Handbaloefeningen voor de techniek aanval
- LO - MO - RO bezetten + 1 bal
- 2 verdedigers, starten tegenover LO en MO
- Schuiven naar midden > Sprong en aantikken waarna direct verdedigen
- Dit is het signaal voor de aanval om te starten
- Opbouwers spelen bal op tempo rond en creëren een doorbraak
- Spelers verdelen zich in 2 groepen en gaan rechts en links naast het goal staan
- Keeper moet om en om de bal aantikken van de spelers. Moet op tempo in verband met spelers die gaan afronden
- Na aantikken van de bal schuift speler met de bal over de achterlijn via rechts of links naar zijlijn
- Aangekomen in de hoeken sprint naar de middellijn zonder te stuiten
- Daarna afronden bij de keeper
- Afwerkvorm
- Verdediger actief
- Back-voor-Back spelen met afrol van pivot
- Tegenpartij loopt altijd tegenaanval
- Tegenovergestelde hoek is weg voordat de bal in het doel komt
- Alle spelers verdelen zich in de hoeken en opbouwposities.
- Er staan 2 verdedigers, 1x LO en 1x RO. Zij verdedigen eerst passief en later actief.
- De linker opbouw:
- Speelt de bal naar de hoek.
- Start in en krijgt hem teruggespeeld.
- Speelt op tempo door naar het midden.
- Loop schuin naar achter terug naar de zijlijn.
- Start in en maakt een passeerbeweging langs de verdediger.
- Hetzelfde gebeurt aan de rechterkant.
- De linker opbouw:
- Speelt naar de hoek.
- Krijgt hem terug en speelt door naar het midden.
- Midden gaat aanzetten net als de opbouwer.
- Hoek start in en krijgt de bal aangespeeld (met of zonder stuit).
- Verdediger verdedigt passief.
- Hoek probeert te passeren.
- Zelfde aan de andere kant.
- De linker opbouw:
- Speelt bal naar het midden.
- Krijgt hem terug en speelt de hoek aan.
- Hoek gaat druk zetten en de opbouwer ook.
- Midden maakt af door middel van sprongschot of passeerbeweging.
- Verdediger is gelijk actief.
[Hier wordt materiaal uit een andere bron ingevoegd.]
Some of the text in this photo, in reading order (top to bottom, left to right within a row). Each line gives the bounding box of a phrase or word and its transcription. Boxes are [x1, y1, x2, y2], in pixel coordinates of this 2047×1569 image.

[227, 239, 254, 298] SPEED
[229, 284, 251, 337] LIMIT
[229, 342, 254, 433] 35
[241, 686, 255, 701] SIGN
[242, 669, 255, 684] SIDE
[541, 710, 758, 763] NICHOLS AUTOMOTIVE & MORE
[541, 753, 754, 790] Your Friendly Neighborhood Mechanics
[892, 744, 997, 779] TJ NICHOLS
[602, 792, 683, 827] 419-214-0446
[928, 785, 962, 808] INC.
Als bal via LO gaat is LO verdediger actief, en andersom.
- Overtal goed uitspelen.
- Verdedigers heel snel weg!
- Midden uitnemen indien goal.
- Met verdediger aangooien
- Scoren
- Blauw met zwart begint met en loopt 3 passen met de bal
- Gooit de bal naar rood die komt inlopen
- Rood gooit de bal weer naar de volgende blauwe speler die komt inlopen
- Zo gaat de cirkel rond
Moeilijker:
- 1 verdediger in het midden
- 2 verdedigers en 1 cirkelspeler
- Blauw speelt naar rood en rood speelt naar de cirkelspeler
- Cirkelspeler speelt weer naar blauw
Er zijn spelers die maar 1 of 2 passen maken bij een sprongschot. Om te oefenen om echt 3 passen te maken, kun je deze oefening doen:
- Zet 4 banken achter elkaar zoals op de tekening.
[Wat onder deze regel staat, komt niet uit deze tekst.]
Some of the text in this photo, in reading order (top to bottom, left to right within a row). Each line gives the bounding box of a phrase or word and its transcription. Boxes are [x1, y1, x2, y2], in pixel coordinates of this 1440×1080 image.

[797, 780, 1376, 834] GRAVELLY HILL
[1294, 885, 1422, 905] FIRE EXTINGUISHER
- Laat ze om de beurt op de 1ste bank staan.
- Maak vervolgens 3 passen over de banken.
- Neem een sprongschot.
- Leg een ladder neer
- Ga met 2 voeten door de ladder heen op hoog tempo
- Houd de bal in je hand en pass deze voor je de ladder ingaat
- Maak een nul pass voor de paal aan het einde van de ladder
- Ga rechts om door 2 pionnen heen
- Krijg de bal aangespeeld en maak af op doel
- Doe bovenstaande stappen ook vanaf de andere kant
Variaties: - Met verdediger
- Met cirkel
- 2 keepers binnen 6 meter
- 2 teams van 3 op de 9 meter
- Op signaal gaan de spelers lopen, krijgen de bal van de keeper.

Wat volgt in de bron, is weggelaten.